Reprogramming of human somatic cells back to pluripotent embryonic stem cells

The ability to dedifferentiate or reverse lineage-committed cells to pluripotent/multipotent cells might overcome many of the obstacles (e.g. cell sources, immunocompatibility and bioethical concerns) associated with using other ES and adult stem cells in clinical applications. With an efficient dedifferentiation process, it is conceivable that healthy, abundant and easily accessible somatic cells could be reprogrammed to generate different types of functional cells for the repair of damaged tissues and organs. However, the cellular processes involved in dedifferentiation remain poorly understood, and methods for the control and study of dedifferentiation to pluripotency in human somatic cells are lacking.

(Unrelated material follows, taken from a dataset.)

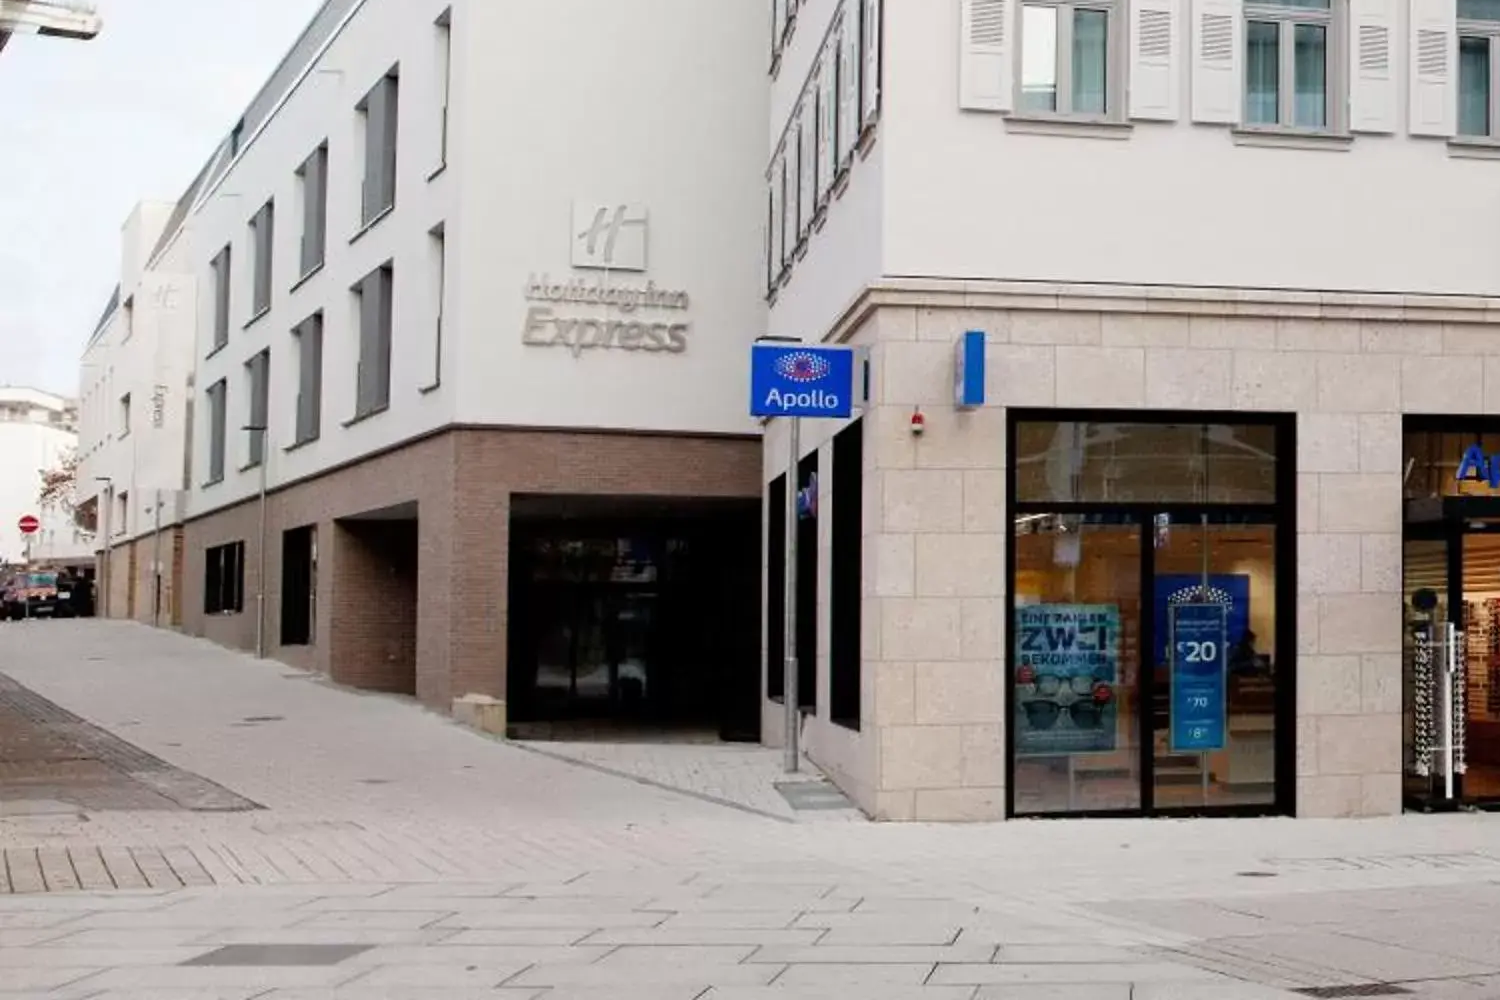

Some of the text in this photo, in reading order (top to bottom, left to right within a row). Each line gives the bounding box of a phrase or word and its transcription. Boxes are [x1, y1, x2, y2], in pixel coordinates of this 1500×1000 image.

Reprogramming of murine somatic cells in embryonic and adult fibroblast cultures to pluripotent ESC-like cells has recently been achieved by simultaneous viral transduction of four transcription factors together. With such proof-of-principle demonstration, next critical steps would be to “translate” such reprogramming methods into human somatic cells and identify small molecules that would allow temporal reversible treatment to induce/enhance reprogramming without risks of genetic manipulations.

Here we propose to develop homogenous human somatic cell systems to examine reprogramming to pluripotency, and implement a high throughput screen of large and diverse chemical librariesy to identify small molecules that can induce/enhance programming of human somatic cells back to pluripotent hESC-like cells. We will further examine their effects/activities via various in-depth cellular/biochemical assays, and characterize their mechanism of action by integrated chemical and functional genomic approaches. Collectively, the studies described in this proposal will provide novel chemical tools for producing unlimited amount of (autologous) pluripotent cells from differentiated/lineage-restricted cells for various applications as well as studying the underlying molecular mechanisms of pluripotency and epigenetic regulations, and may ultimately facilitate development of small molecule therapeutics to stimulate tissue/organ regeneration in vivo.